Although not explicit in the cost model, it is possible for the spacing of measurements to affect cost as well as the more well-known effects on exposure values [19]. In the current study we chose consecutive shifts to avoid the travel costs and administrative hassle of scheduling workers on a rotating shift schedule, but the trade-off is autocorrelation in the data. We also elected to conduct the study over a 3-month period during the winter, which surely impacts the type of exposures encountered and is unlikely to have full generalizability to the other parts of the year. However, a year-long sampling campaign would have been cost-prohibitive, given the need to retain part-time staff for the full year or retrain new staff.

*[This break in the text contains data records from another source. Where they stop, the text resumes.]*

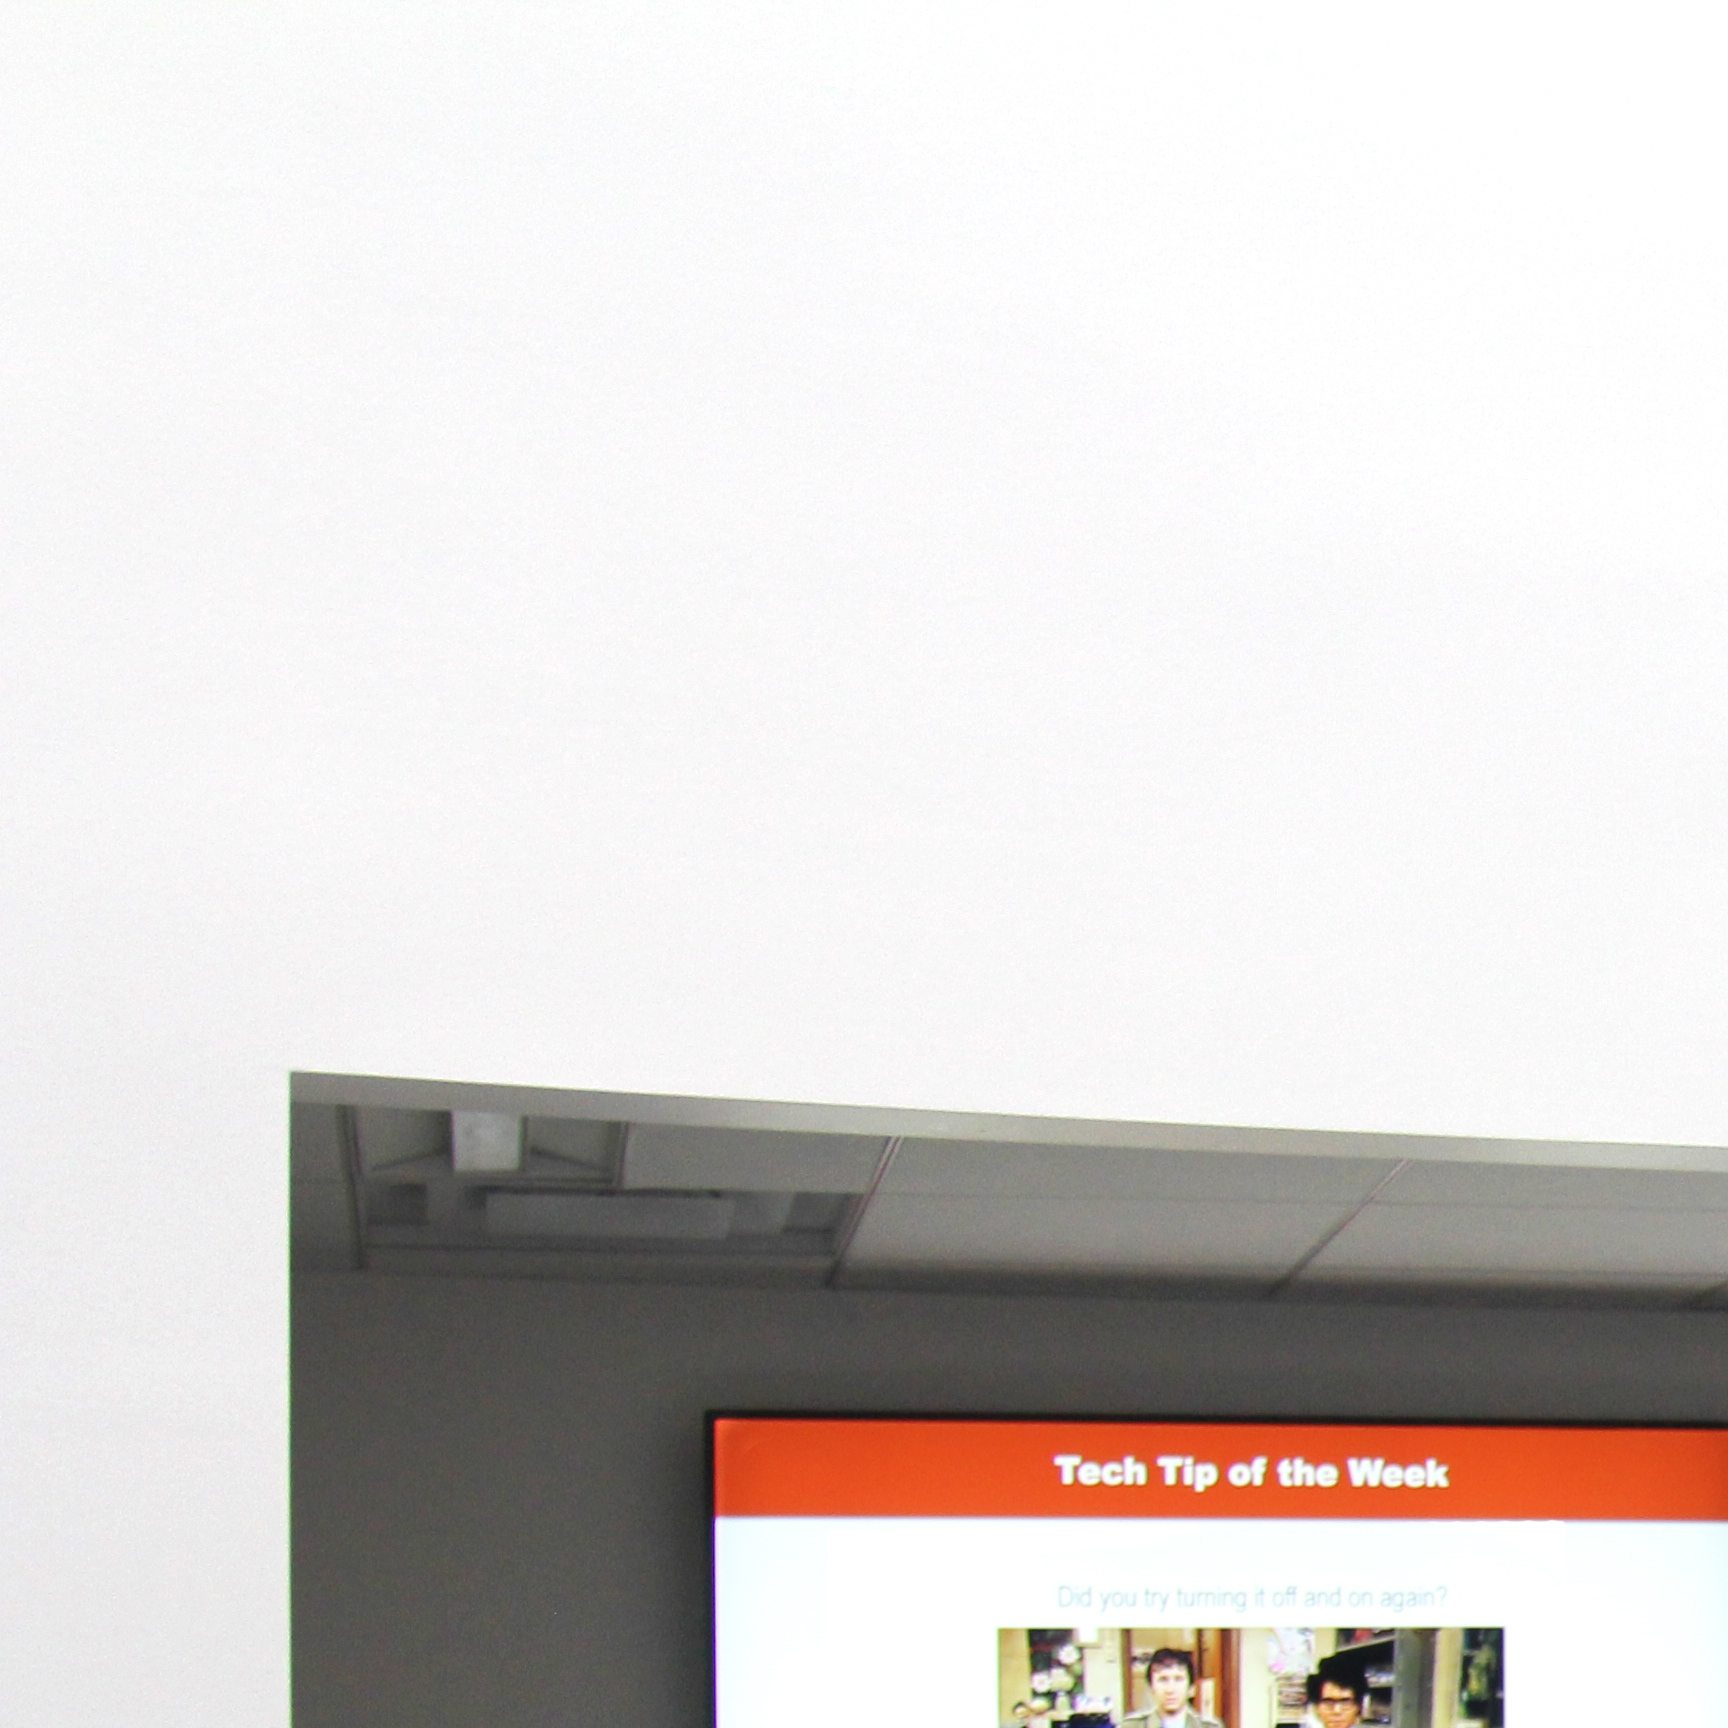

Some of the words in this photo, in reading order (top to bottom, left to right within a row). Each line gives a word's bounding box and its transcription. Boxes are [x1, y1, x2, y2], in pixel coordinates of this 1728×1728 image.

[1052, 1454, 1147, 1486] Tech
[1155, 1455, 1219, 1492] Tip
[1226, 1455, 1268, 1487] of
[1275, 1456, 1339, 1488] the
[1346, 1457, 1450, 1488] Week
[1057, 1585, 1093, 1609] Did
[1100, 1590, 1138, 1613] you
[1144, 1588, 1171, 1613] try
[1176, 1586, 1248, 1614] turning
[1254, 1586, 1266, 1608] it
[1272, 1585, 1298, 1608] off
[1304, 1586, 1343, 1608] and
[1348, 1590, 1374, 1608] on
[1380, 1585, 1449, 1614] again?

Travel and accommodation needs are likely to vary substantially between research studies depending on the location of the researchers and institution relative to the data collection site. The current study showed substantial variation in travel distance and cost, represented by a ċV coefficient of variation of 58%. The distances in the current study required considerable travel, and introduced a trade-off between the total number of trips and length of stay. Simulation 1 shows the effect of making a new trip to the measurement site for each measurement day, which increases the costs less than 1%. Conversely, if each researcher made only 1 trip to the measurement site and stayed in a hotel for the duration of the study, costs decrease to 88-92% of the current study. If unit costs for travel or accommodation were zero because the measurement site was adjacent to the university as in simulation 4, the costs would be only 61-78% of the current study costs. Naturally cost is not the only factor when planning travel logistics and accommodation schedules; an additional consideration will be the tolerance of data collectors and local labour laws.

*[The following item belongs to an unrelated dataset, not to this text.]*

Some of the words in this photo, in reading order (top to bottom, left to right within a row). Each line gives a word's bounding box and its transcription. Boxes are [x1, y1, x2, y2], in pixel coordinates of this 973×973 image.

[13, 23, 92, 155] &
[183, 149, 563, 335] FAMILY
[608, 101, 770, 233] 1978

This study assumed no depreciation of the equipment cost, so the whole cost of research equipment purchase price is included in ČE. The costs presented therefore represent the assumption of ‘starting from scratch’ and having to purchase all equipment. However, were the researchers to pursue a similar study in the future, the decision between which method to select would be weighed without the fixed costs of equipment, since the equipment has already been acquired. This is demonstrated in simulation 5, where total study costs are only 87% of the current study cost for the equipment-intensive inclinometer method, 92% for the observation and 93% for the questionnaire.

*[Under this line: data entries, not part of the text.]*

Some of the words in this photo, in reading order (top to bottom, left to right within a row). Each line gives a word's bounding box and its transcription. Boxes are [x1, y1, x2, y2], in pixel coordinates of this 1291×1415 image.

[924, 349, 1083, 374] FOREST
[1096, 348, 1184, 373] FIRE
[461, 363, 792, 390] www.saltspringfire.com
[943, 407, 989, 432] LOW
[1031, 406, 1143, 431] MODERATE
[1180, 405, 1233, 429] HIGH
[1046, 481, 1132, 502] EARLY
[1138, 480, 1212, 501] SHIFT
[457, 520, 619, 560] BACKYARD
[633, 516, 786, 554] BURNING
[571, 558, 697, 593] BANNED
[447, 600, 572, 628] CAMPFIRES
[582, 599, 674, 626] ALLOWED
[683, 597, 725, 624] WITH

Who’s paying? Researcher- and employer-borne study costs

Over 90% of costs tracked in the current study were borne by researchers. It seems likely that time tracking biases would tend to overestimate this proportion, since researchers may be more motivated and diligent in reporting time spent on the study. It is possible that the time tracked by employer administrators (3.4% of the total study costs) is underestimated. For example, short tasks might be deemed ‘not worth tracking’ but cumulatively might represent a relevant cost. When industry stakeholders decide whether to participate in research, information about the time and resource commitments can help manage expectations and plan resources, as well as demonstrating researchers’ sensitivity to balancing business interests with research needs, the prioritization of which is different between researchers and industry stakeholders. Researchers forecasting costs for industry stakeholders may not have a strong influence on participant recruitment, but it seems likely to foster better trust and stronger relations between research stakeholders and almost certainly enhances retention or re-contact of study participants.

In the current study, employer administration and worker’s production time were both borne by the employer. In other contexts, the employer might not be able to pay for workers’ time, and transferring this cost (in terms of time spent or opportunity cost) onto workers is likely to affect the participation rate. The opportunity cost is the value of what is given up in order to participate in a study. Adding an hour to the workday may affect carpooling arrangements or transit/parking habits that can change direct costs of participation; it also means less time with family or sports and leisure pursuits. To address this, some studies provide an economic incentive equivalent to wage replacement [22]. This could increase the research budget substantially as worker production time accounted for over 6% of the total study cost in the current study. Although workers were paid for their time when they showed up early and stayed late, a limitation of the current study’s cost tracking method is that it does not account for opportunity costs associated with extending the workday or filling out questionnaires during work time. These types of costs are difficult to quantify and so were not included in the current study, although they may have an impact in participants’ decision making.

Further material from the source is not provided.